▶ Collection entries
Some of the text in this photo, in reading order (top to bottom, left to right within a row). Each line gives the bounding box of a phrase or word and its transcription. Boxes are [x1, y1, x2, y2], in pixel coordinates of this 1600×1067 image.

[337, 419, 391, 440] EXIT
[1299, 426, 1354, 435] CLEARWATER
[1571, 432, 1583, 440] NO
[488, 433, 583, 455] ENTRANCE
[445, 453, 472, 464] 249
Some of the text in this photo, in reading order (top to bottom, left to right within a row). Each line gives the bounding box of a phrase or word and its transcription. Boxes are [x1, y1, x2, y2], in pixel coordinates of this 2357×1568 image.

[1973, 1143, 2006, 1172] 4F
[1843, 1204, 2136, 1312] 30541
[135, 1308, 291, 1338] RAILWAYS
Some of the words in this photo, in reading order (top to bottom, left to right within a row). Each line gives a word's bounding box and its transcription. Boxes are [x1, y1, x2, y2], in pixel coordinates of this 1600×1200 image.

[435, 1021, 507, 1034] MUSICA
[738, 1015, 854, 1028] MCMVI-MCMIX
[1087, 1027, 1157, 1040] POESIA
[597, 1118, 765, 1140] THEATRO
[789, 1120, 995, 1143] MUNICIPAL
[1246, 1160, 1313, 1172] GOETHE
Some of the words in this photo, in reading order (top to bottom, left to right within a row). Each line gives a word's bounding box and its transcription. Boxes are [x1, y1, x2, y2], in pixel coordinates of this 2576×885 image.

▶ Your instructions
Each of the lines above should be printed again precisely as it reads.

▶ Solution to the exercise
Some of the text in this photo, in reading order (top to bottom, left to right within a row). Each line gives the bounding box of a phrase or word and its transcription. Boxes are [x1, y1, x2, y2], in pixel coordinates of this 1600×1067 image.

[337, 419, 391, 440] EXIT
[1299, 426, 1354, 435] CLEARWATER
[1571, 432, 1583, 440] NO
[488, 433, 583, 455] ENTRANCE
[445, 453, 472, 464] 249
Some of the text in this photo, in reading order (top to bottom, left to right within a row). Each line gives the bounding box of a phrase or word and its transcription. Boxes are [x1, y1, x2, y2], in pixel coordinates of this 2357×1568 image.

[1973, 1143, 2006, 1172] 4F
[1843, 1204, 2136, 1312] 30541
[135, 1308, 291, 1338] RAILWAYS
Some of the words in this photo, in reading order (top to bottom, left to right within a row). Each line gives a word's bounding box and its transcription. Boxes are [x1, y1, x2, y2], in pixel coordinates of this 1600×1200 image.

[435, 1021, 507, 1034] MUSICA
[738, 1015, 854, 1028] MCMVI-MCMIX
[1087, 1027, 1157, 1040] POESIA
[597, 1118, 765, 1140] THEATRO
[789, 1120, 995, 1143] MUNICIPAL
[1246, 1160, 1313, 1172] GOETHE
Some of the words in this photo, in reading order (top to bottom, left to right within a row). Each line gives a word's bounding box and its transcription. Boxes are [x1, y1, x2, y2], in pixel coordinates of this 2576×885 image.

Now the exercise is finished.